Rembert moved to Montgomery at age 19 with the clothes on his back and a change of underwear and an extra shirt in a plastic bag, he told Baptist Press. He got a job at Wendy’s and, for the first time in his life, had running water and could take a hot shower.
Now a “tri-vocational” pastor, Rembert told BP he knew that getting inner-city youth away from their environments of stress and lack for just a season “and evangelistically (engaging) them with the Gospel through culture, the same culture that they come from, would be very, very effective. So that’s what we did.”
In partnership with Chisholm Baptist Church, a fading congregation of 20 worshippers between the ages of 62 and 93, Rembert began Flatline Church at Chisholm in 2019. Through the Montgomery Baptist Association, Chisholm Baptist gifted Flatline Church at Chisholm with a 22,000-square-foot building, looking for an African American pastor to reach the changing community.
Rembert had begun in ministry teaching Bible study weekday mornings at a local public high school before leaving for work at 7 a.m. as the general manager of a local hotel.
“The Bible study started growing so big, we had to move it to the auditorium,” he said. “And then, the school, they stopped making me cut it off at 7 o’clock, because guys were coming out of gangs, girls were keeping their babies when they were going to have abortions.”
School coaches and administrators began calling Rembert to intervene when students were going astray, promising to give the students another chance if Rembert could sway them to change.
“I would go over to the school and share my story,” he said.
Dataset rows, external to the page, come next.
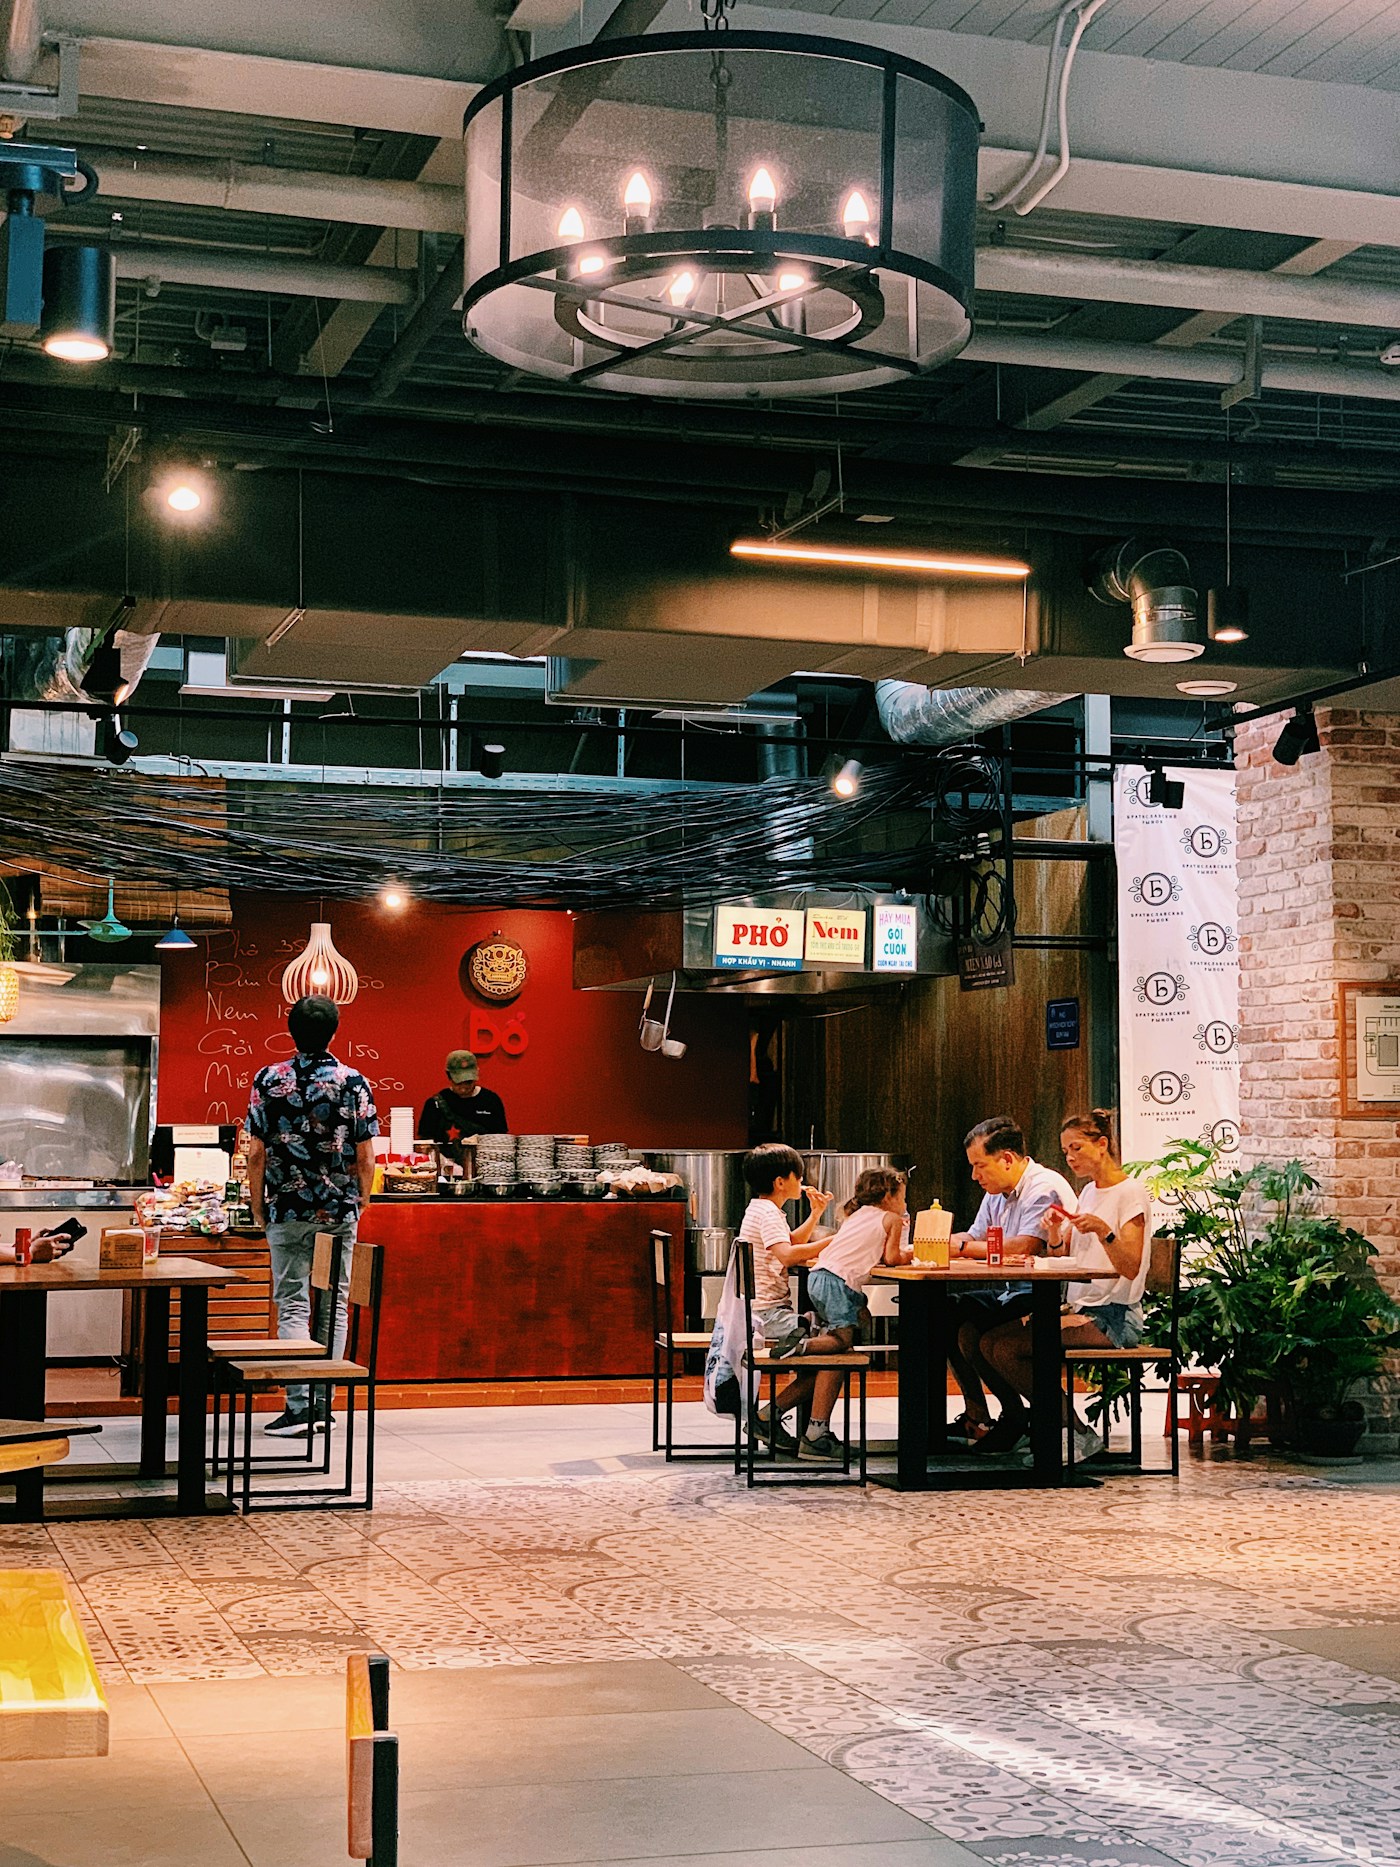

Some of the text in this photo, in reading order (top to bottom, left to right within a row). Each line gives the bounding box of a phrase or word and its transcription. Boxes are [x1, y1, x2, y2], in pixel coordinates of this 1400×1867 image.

[1200, 832, 1213, 850] Б
[1149, 880, 1163, 898] Б
[732, 917, 789, 947] PHỞ
[812, 921, 858, 940] Nem
[1205, 929, 1219, 947] Б
[1153, 979, 1168, 998] Б
[206, 991, 258, 1024] Nem
[1212, 1028, 1226, 1046] Б
[1159, 1078, 1174, 1097] Б
He resonated with the students because he was once in their shoes, dealing with life without a father or a father’s rejection.
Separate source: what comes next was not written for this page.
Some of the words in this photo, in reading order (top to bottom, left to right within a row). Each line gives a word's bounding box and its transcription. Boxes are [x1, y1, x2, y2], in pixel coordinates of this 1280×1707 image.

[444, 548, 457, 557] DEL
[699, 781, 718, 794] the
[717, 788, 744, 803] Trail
The outreach led Rembert to found the Flatline Movement an urban ministry, in 2015, based on Romans 6:11. In its earliest days, the ministry focused on football teams, engaging them in Bible study over dinner after team practice. In 2021, he revamped the movement to engage the culture with the Gospel through the arts, assisted by a team of seven rappers and musical artists who worship at Flatline Church at Chisholm.
Rembert is church-planting strategist for the Montgomery Baptist Association, works part time at the front desk of a local hotel, and also does part-time work at the Elmore Baptist Association in Wetumpka.
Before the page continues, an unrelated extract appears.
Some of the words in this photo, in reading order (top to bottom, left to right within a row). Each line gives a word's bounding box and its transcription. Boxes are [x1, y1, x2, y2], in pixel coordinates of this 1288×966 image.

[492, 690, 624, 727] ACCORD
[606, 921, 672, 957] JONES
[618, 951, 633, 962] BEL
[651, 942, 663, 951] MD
The married father of three children is continuing his education at New Orleans Baptist Theological Seminary after attending Troy State University of Montgomery and Birmingham Theological Seminary.
He doesn’t earn a salary in the Flatline Movement or the pastorate, estimating the average annual income is $12,000 for families within a mile radius of the church.
“Can you imagine living off of $1,000 a month? That’s household income.”
Rembert encourages Southern Baptists to listen to inner-city youth when trying to reach them with the Gospel.
“I would like for Southern Baptists to listen to them and to realize that everything that’s not like (Southern Baptists) in regards of culture is not demonic, again, like rap,” Rembert said. “Rap is in the Bible.
“Rap stands for rhyme and poetry. If you look in the Book of Psalms, it’s a what? Poetic book. What about Proverbs? Poetic Book. Ecclesiastes, poetic book. Job? Poetic Book. And the Book of Psalms is rhyming. And the Bible says David danced out of his clothes.
“Now, we don’t know what kind of music he was listening to, but he was worshiping the Lord.”